Here is why it's very important.
When deploying a pod, kubernetes assigns a QoS class to pods based on the requests and limit parameters.
Let's understand Kubernetes Pod Quality of service. (QoS).
Kubernetes pod scheduling is based on the request value to ensure the node has the resources to run the pod.
However, a node can be overcommitted if pods try to utilize all its limit ranges more than the node's capacity.
Overcommitment = sum of resource request/limits > node capacity
When pods on the node try to utilize resources that are not available on the node, kubernetes uses the QoS class to determine which pod to kill first.
Types of Pod QoS Class
Following are the three types of Pod QoS class
👉 Best effort
Your pod gets the best-effort class if you do not specify any CPU/Memory requests and limits. Best-effort pods are low-priority pods. The best-effort pods get killed first if the node runs out of resources.
If you set the request lower than the limit, the pod gets burstable class. If the node runs out of resources, burstable pods get killed if no best effort pods are available.
The pod gets a guaranteed class if the request and limit values are the same. It is considered the highest priority pod and gets killed if there are no best-effort or burstable pods.
🧵 Pod QoS FAQ’s
Following are the discussion that happened on LinkedIn for this topic
Question 01: While the Guaranteed Pod QoS offers the highest reliability, would the design not lose out on Kubernetes' scalability benefits? To protect against pod eviction & failures, there would be a need to keep the resource request values high which means Kubernetes reserves more than needed during non-peak times.

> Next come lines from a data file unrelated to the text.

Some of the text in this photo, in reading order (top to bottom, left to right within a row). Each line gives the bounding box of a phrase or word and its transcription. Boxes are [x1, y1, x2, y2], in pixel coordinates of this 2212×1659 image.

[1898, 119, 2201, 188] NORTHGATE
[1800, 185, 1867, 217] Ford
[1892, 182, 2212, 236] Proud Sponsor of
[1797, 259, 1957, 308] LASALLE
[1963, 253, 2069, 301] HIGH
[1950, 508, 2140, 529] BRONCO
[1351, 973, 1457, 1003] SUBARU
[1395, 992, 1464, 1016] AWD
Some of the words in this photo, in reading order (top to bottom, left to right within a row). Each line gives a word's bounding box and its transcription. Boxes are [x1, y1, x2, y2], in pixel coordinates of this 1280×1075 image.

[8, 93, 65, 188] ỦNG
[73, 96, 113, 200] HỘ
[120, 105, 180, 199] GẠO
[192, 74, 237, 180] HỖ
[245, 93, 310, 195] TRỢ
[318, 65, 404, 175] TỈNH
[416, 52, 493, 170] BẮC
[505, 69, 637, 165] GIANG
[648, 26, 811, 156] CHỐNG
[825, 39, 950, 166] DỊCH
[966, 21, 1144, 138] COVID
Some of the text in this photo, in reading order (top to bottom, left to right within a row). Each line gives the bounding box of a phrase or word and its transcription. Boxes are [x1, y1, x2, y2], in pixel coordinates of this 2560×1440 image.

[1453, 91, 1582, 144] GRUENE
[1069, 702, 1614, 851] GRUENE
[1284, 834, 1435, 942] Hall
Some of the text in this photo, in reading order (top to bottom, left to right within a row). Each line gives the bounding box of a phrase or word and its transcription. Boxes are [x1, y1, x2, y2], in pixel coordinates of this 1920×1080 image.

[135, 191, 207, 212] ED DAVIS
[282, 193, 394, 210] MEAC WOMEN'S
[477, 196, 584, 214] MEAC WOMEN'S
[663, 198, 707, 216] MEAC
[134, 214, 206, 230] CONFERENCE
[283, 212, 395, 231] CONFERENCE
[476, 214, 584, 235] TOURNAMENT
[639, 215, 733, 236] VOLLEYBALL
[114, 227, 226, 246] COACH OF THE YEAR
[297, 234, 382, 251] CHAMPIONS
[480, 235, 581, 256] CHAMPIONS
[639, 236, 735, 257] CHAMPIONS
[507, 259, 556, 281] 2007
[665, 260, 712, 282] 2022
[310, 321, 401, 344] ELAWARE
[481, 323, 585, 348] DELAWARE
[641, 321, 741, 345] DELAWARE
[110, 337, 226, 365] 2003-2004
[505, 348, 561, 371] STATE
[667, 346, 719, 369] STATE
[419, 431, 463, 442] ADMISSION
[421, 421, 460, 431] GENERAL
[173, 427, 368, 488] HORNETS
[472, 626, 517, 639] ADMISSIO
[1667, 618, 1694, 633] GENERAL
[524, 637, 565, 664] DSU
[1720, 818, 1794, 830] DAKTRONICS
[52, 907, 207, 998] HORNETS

Answer: Well, burstable is definitely out of the picture in production. But you can consider the other two classes as part of the capacity planning based on your workload types. You need to consider pod priority class as well. Here is a blog that might help answer your queries. https://sysdig.com/blog/kubernetes-resource-limits/
Question 02: What happens when there are 2 pods with guaranteed QoS and there are no best effort or burstable pods and we need resources back for cluster? Which one of the two will be killed? Am just curious to know the algorithm used in this case
Answer: Pods get ranked on priority for termination. If multiple pods have the same priority, then pods that are most over the request are terminated first.